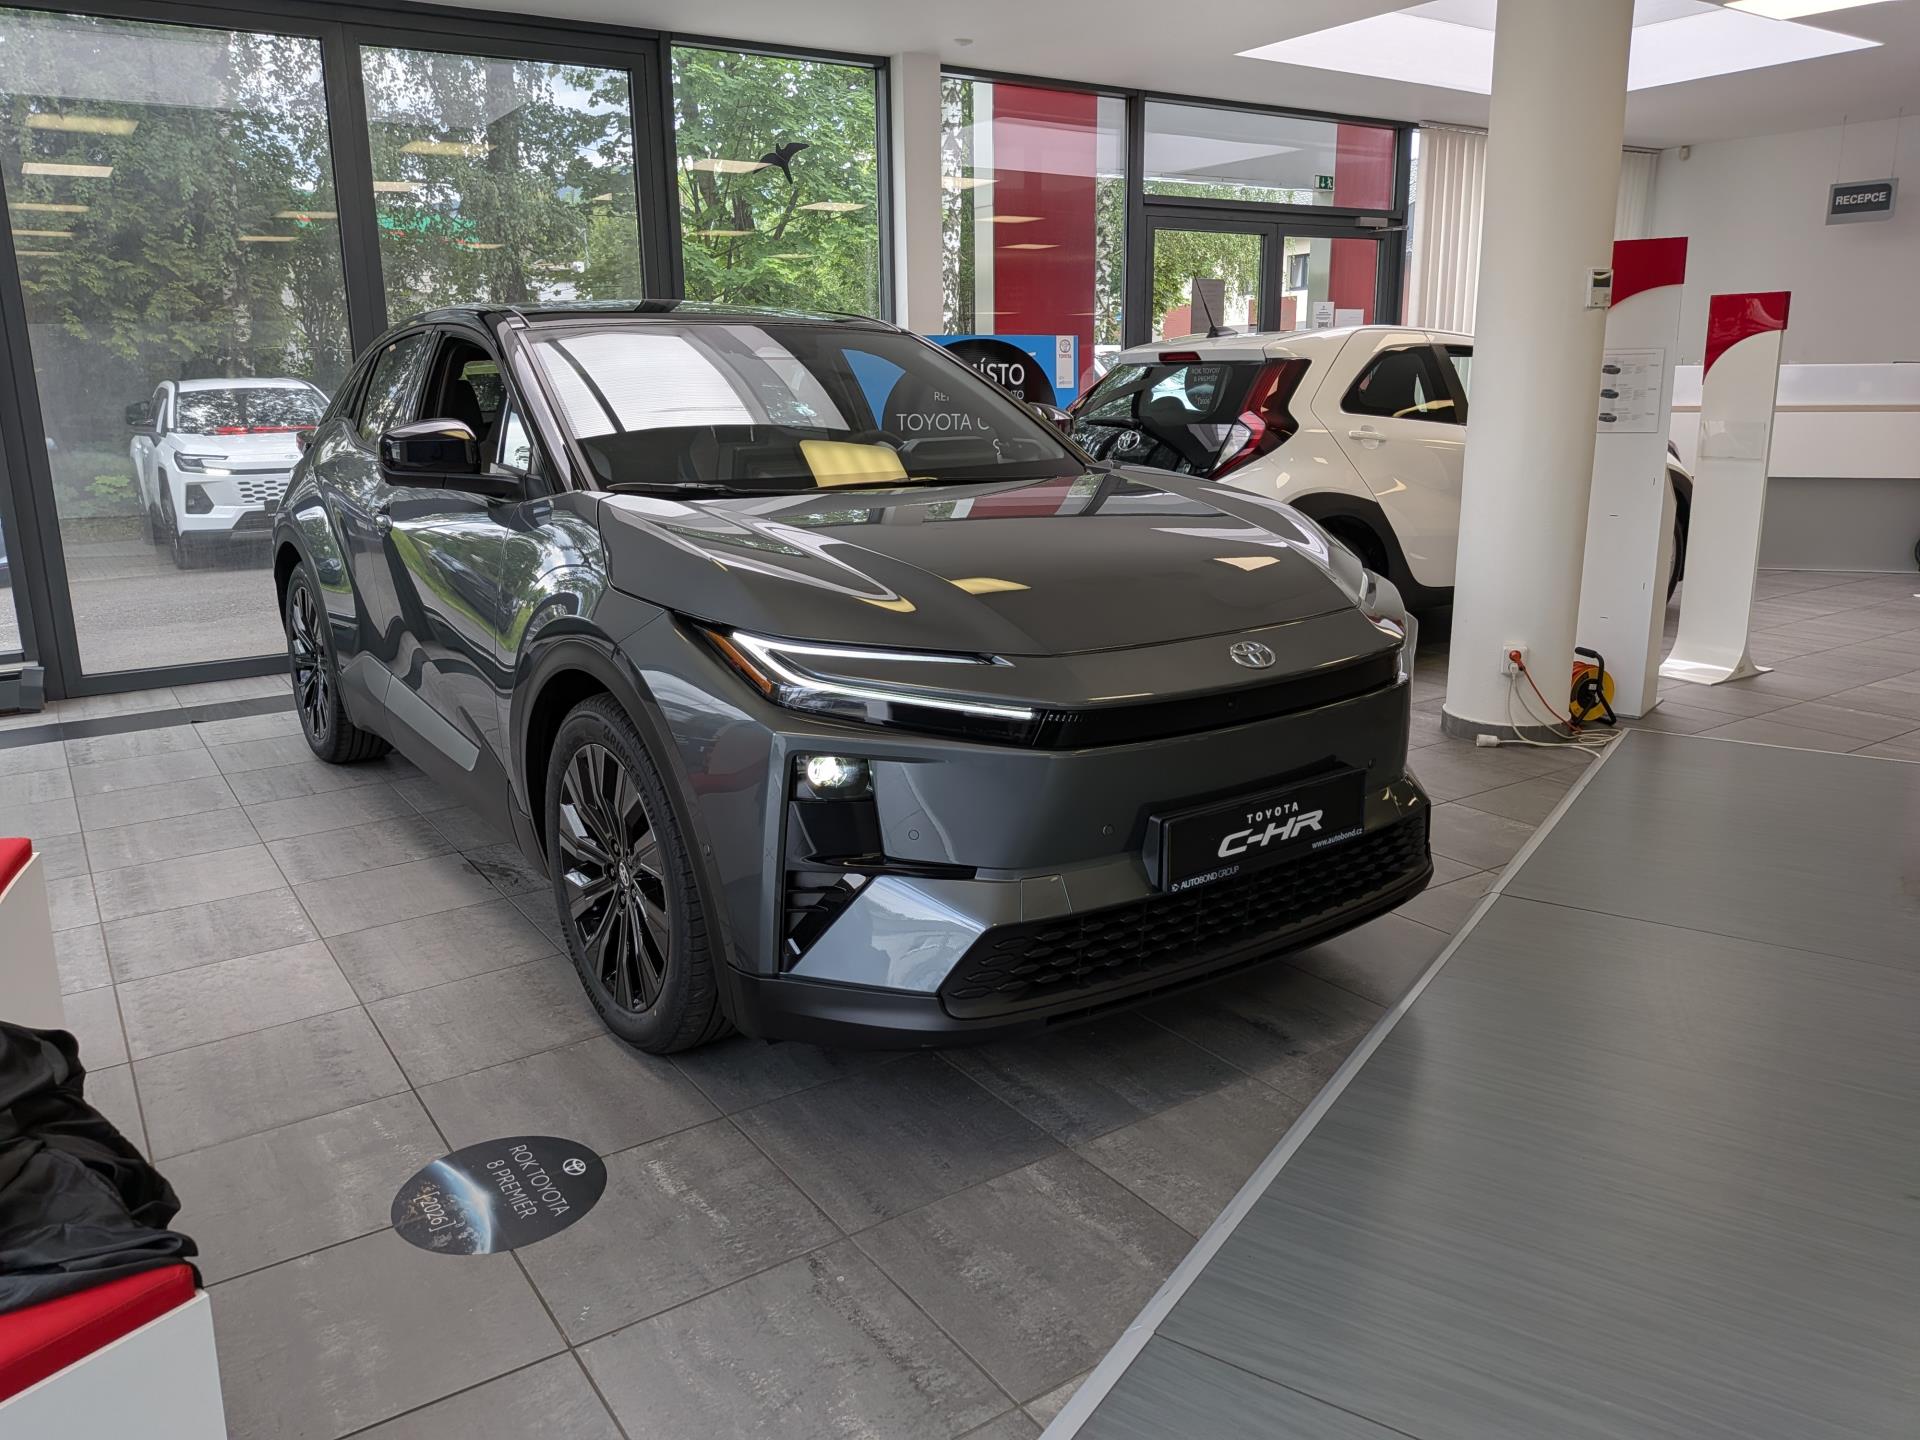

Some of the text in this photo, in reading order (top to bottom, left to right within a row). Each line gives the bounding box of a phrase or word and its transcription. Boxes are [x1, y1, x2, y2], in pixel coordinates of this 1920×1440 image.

[1835, 191, 1887, 206] RECEPCE
[896, 413, 972, 431] TOYOTA
[1246, 801, 1300, 824] TOYOTA
[1217, 809, 1323, 858] C-HR
[1311, 828, 1363, 849] www.autobond.cz
[1180, 865, 1240, 890] AUTOBOND GROUP
[486, 1159, 537, 1219] 8 PREMIÉR
[509, 1144, 571, 1217] ROK TOYOTA
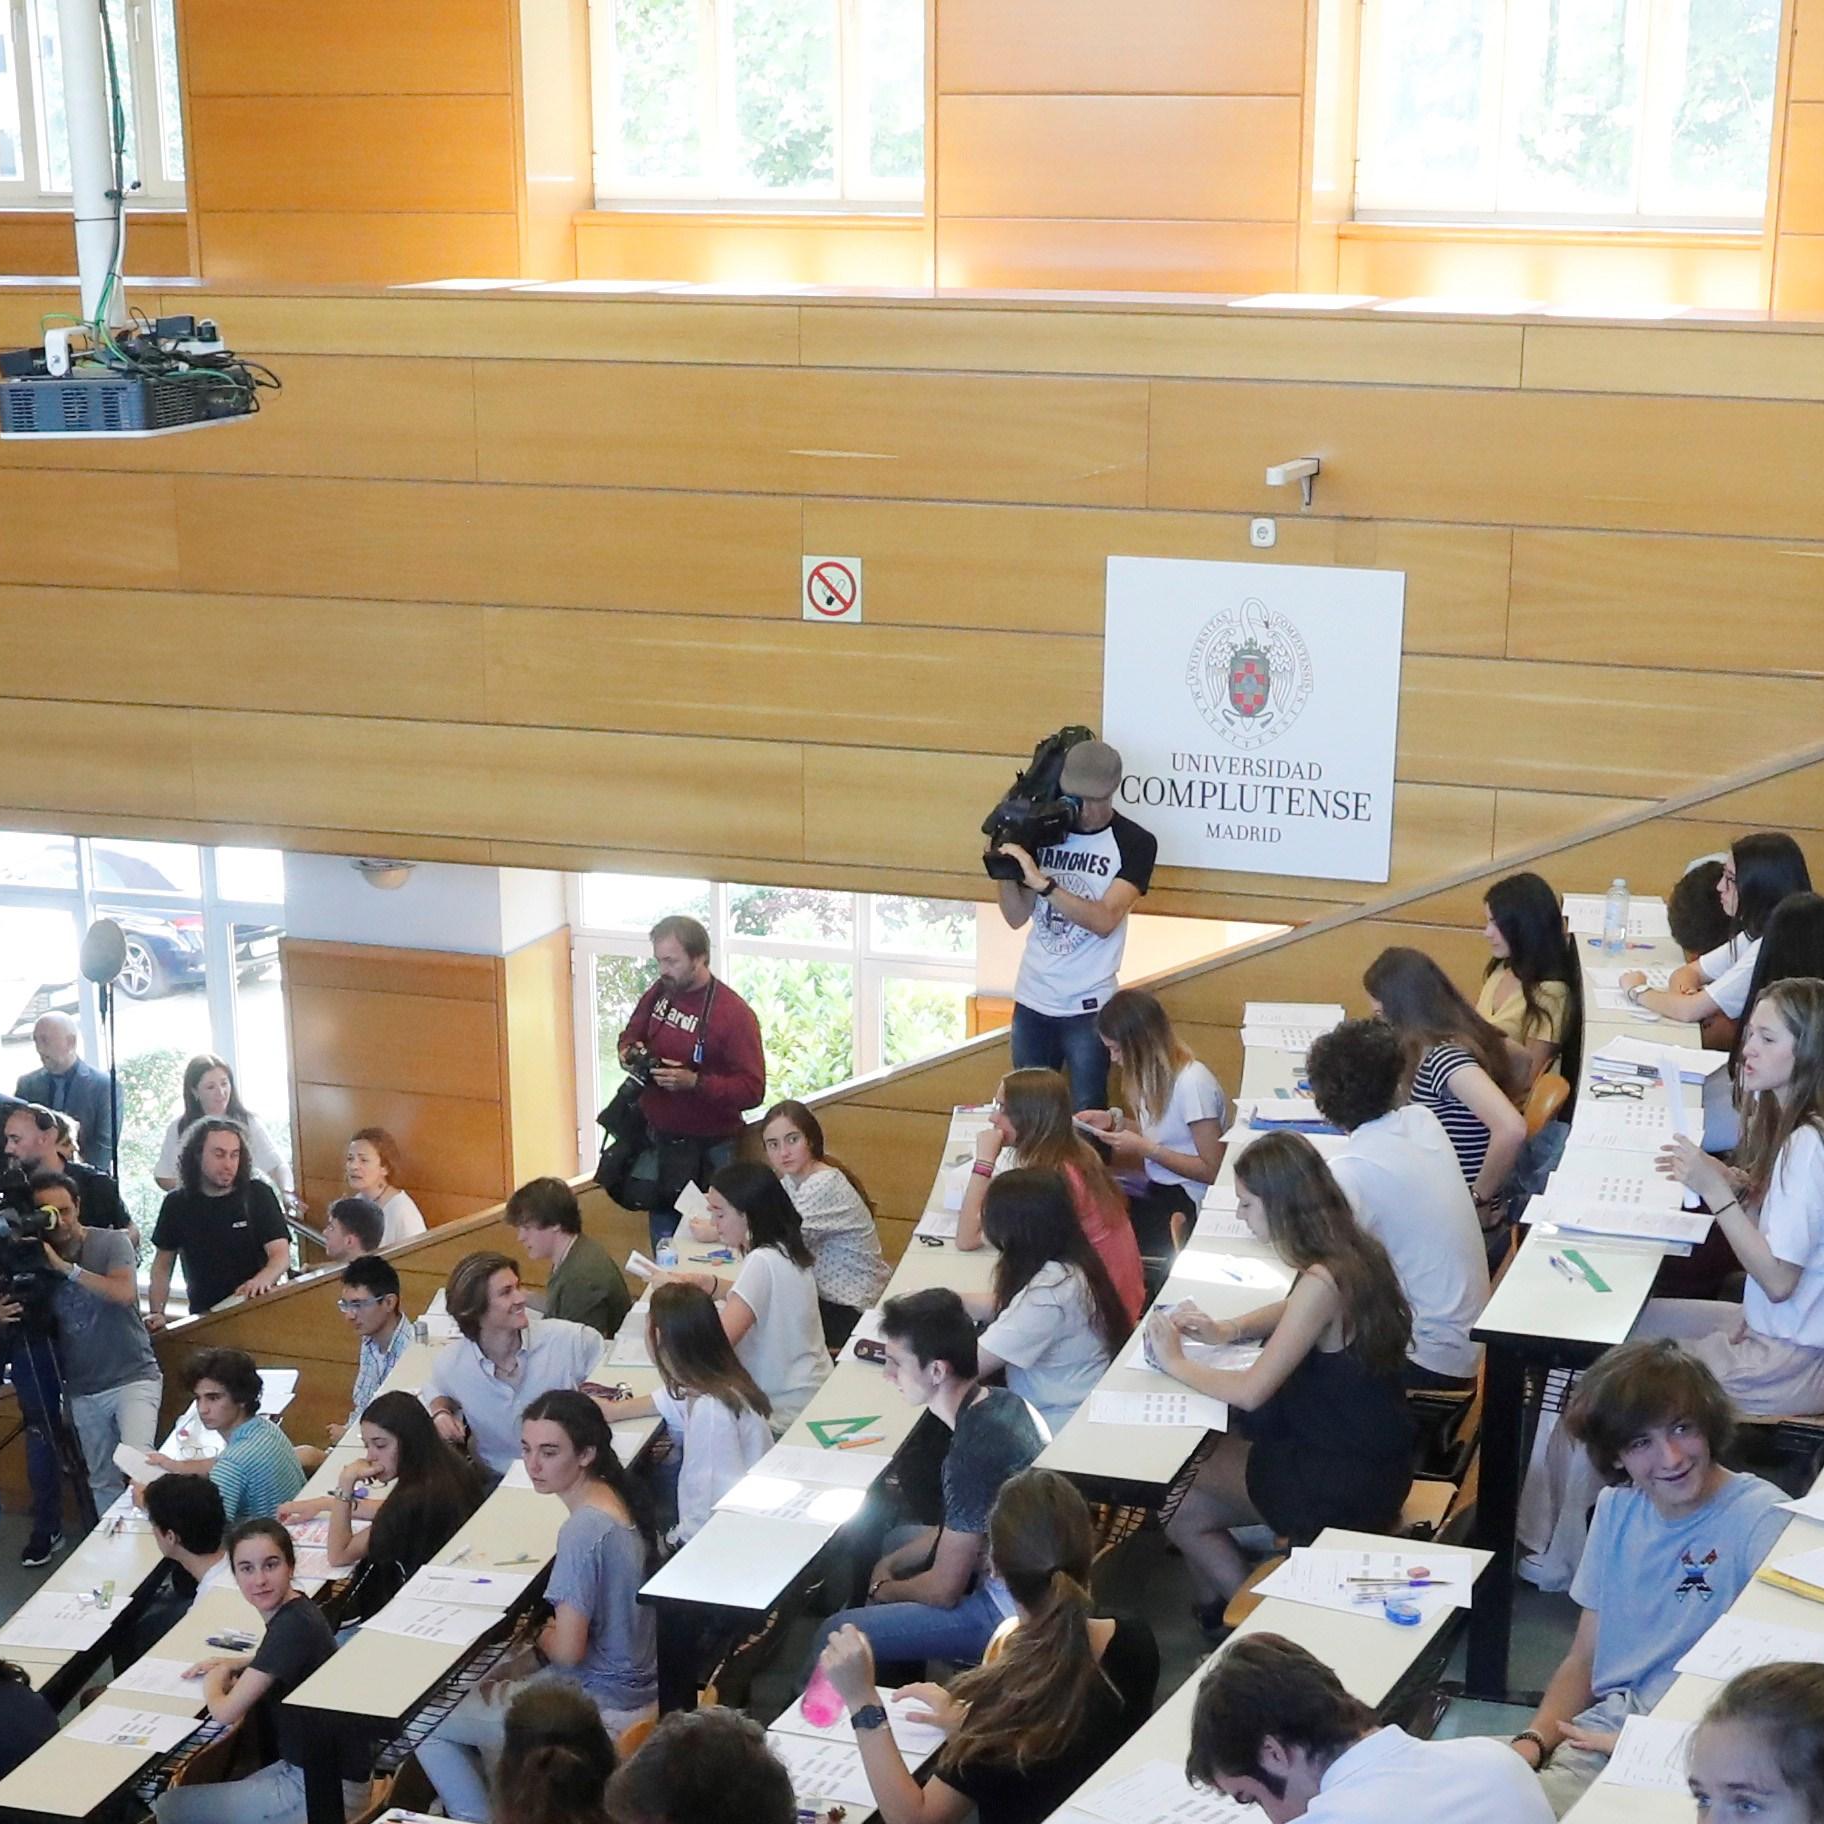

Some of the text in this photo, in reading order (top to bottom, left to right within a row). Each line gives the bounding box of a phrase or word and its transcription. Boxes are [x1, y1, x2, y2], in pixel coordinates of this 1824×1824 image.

[1170, 752, 1323, 782] UNIVERSIDAD
[1120, 775, 1372, 822] COMPLUTENSE
[1205, 822, 1282, 844] MADRID
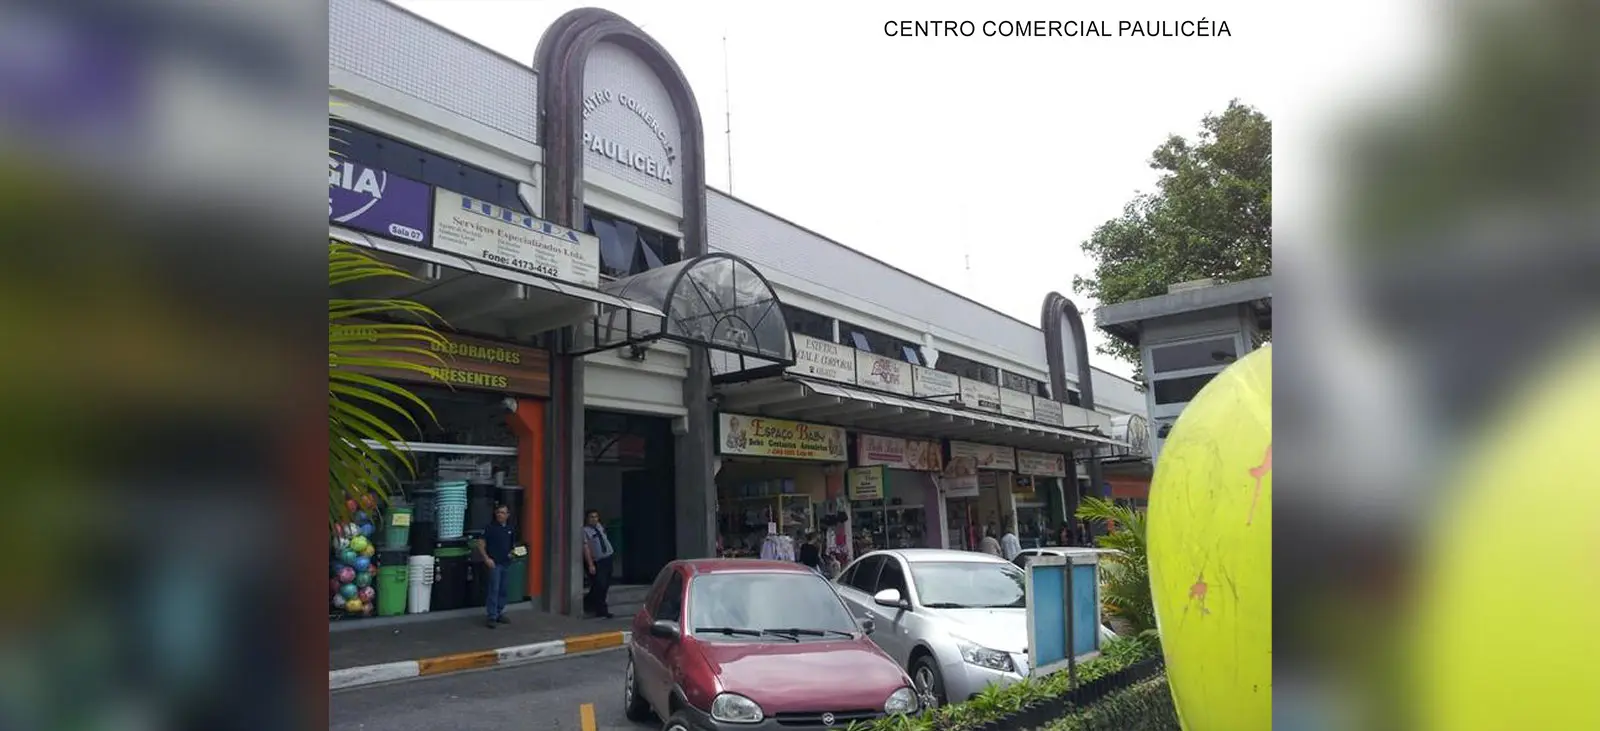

**Directions:** Your task is to transcribe, exactly and without additions, every line from the one that contains "this 1824×1824 image." to the end of the entries above, both included. Omit all pictures.

**Solution to the problem:**
Some of the text in this photo, in reading order (top to bottom, left to right within a row). Each line gives the bounding box of a phrase or word and its transcription. Boxes are [x1, y1, x2, y2], in pixel coordinates of this 1824×1824 image.

[1170, 752, 1323, 782] UNIVERSIDAD
[1120, 775, 1372, 822] COMPLUTENSE
[1205, 822, 1282, 844] MADRID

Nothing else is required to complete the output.